Kirkpatrick:  You had a question for him?

O’Reilly:  Well, more—yes, I guess it’s a serious question. You made the comment that in electronics and in our devices, we’re getting more and more a sense of how to fix things, where they break. And yet as a culture, what we have chosen to do is to make those devices more disposable, not last forever. And why do you think it will be different with people?

To me one of the real risks is, yes, we get this technology of life extension, and it’s reserved for a very few, very rich people, and everybody else becomes more disposable.

Levchin:  I think that’s a really dystopian view of the world. I’ve seen movies to that effect.

Actually, I think we will go more towards disposables. I quibble with the idea of disposable devices. I see it as interchangeable and replaceable devices. We eventually go to building blocks. The Mythical Man Month, one of my favorite computer science-related texts describes the process of building an operating system in a year as a monolith. The people reading say, what the hell were they thinking? Of course you break it up into lots of parts, you test them separately, you mash them together, and you might miss the deadline by a couple days.

The same thing happened across every industry. We build building blocks, we make sure the interfaces are standard, we combine them, we replace the part that breaks. The rest of the system works, but the part that broke is disposable.

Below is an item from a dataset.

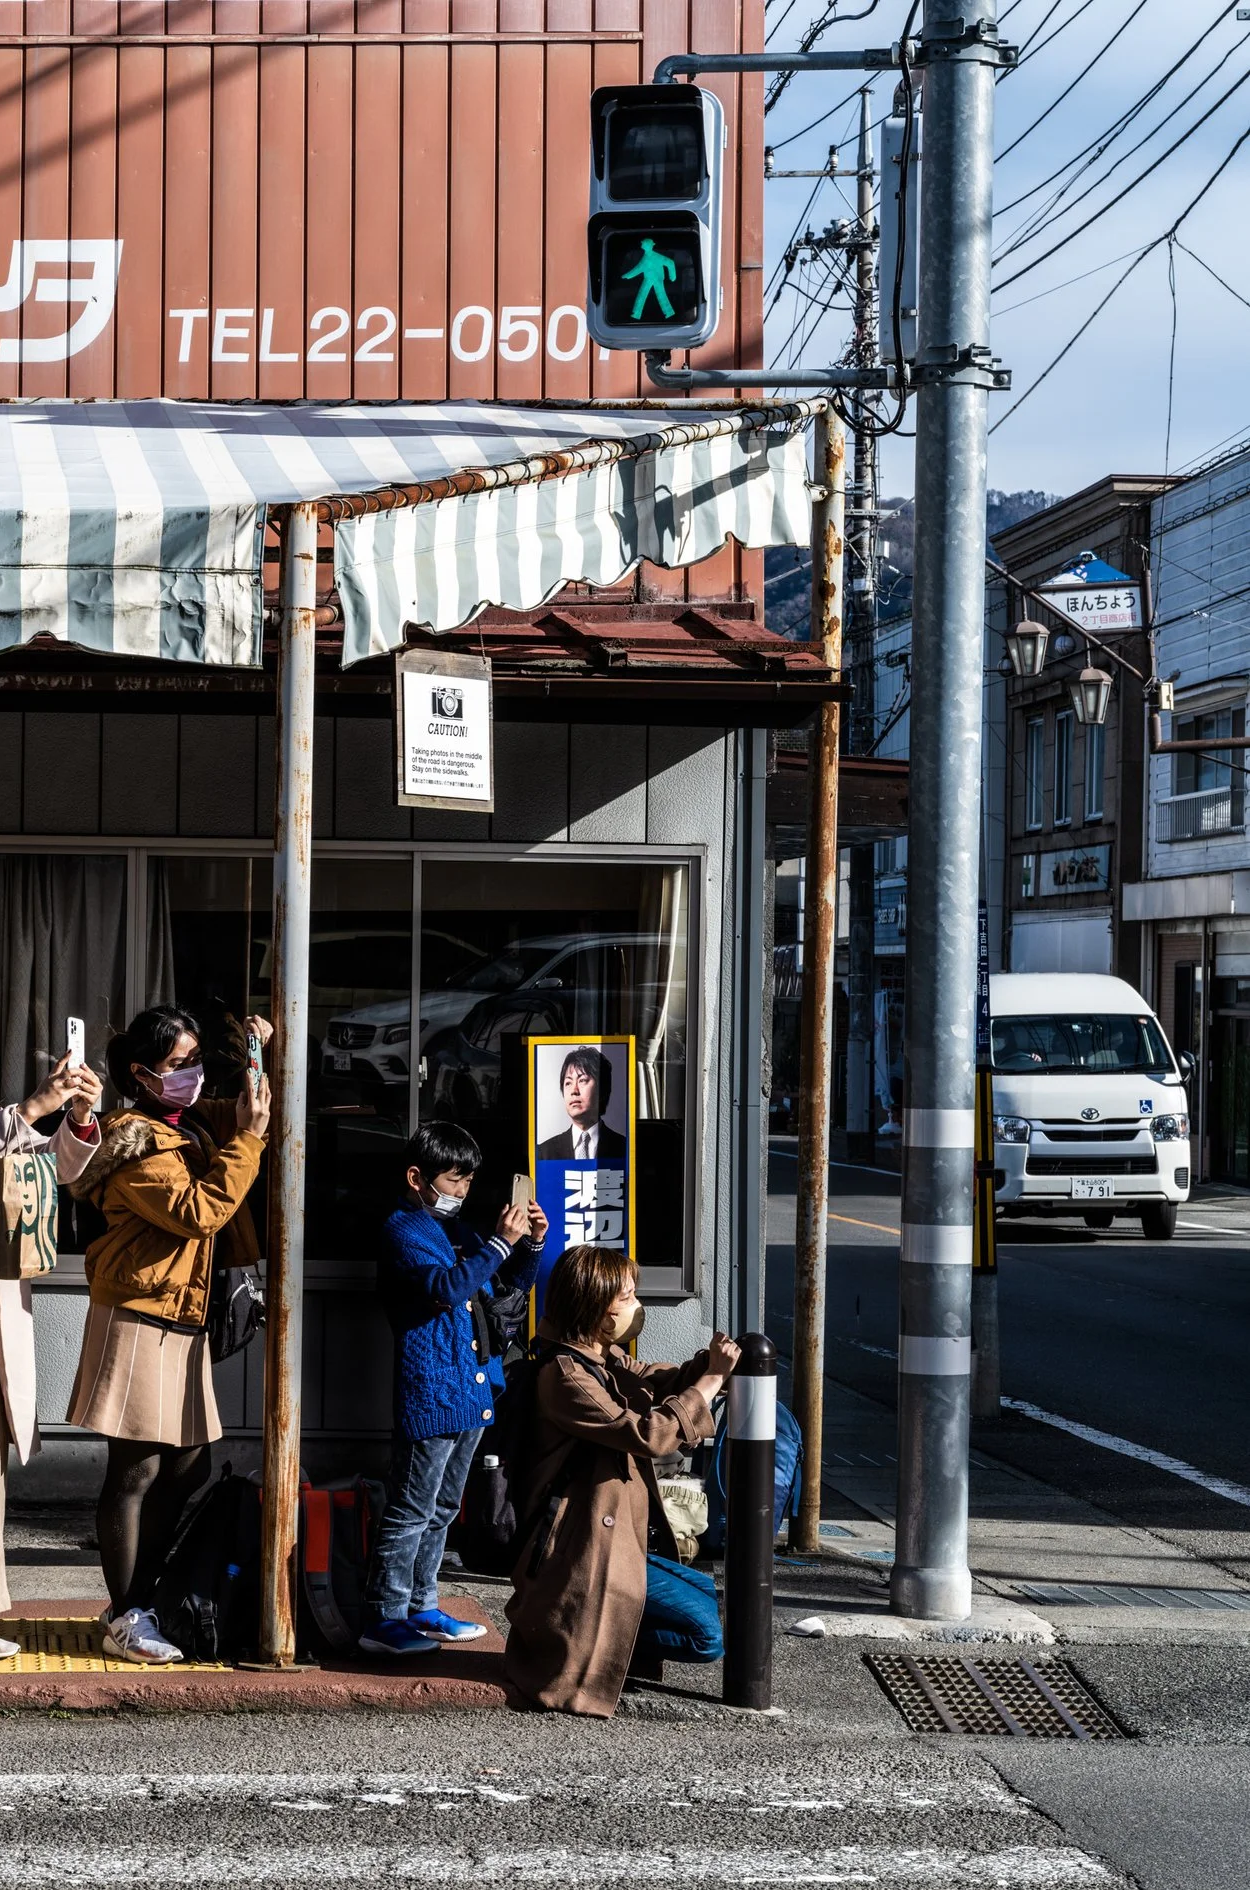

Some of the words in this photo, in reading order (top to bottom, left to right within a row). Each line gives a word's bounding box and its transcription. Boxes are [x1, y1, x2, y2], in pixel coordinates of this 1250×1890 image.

I think that’s what’s going to happen to the human body. We will look at the core value that is the brain and whatever passage for soul these days needs to be preserved forever, but you have the capacity to regrow a nail as you cut them off. You should have the capacity to regrow a finger if that somehow gets damaged. We should get to the ability to regrow or reimplant an eye or—we have it for hair.

O’Reilly:  Totally buy that, totally love it.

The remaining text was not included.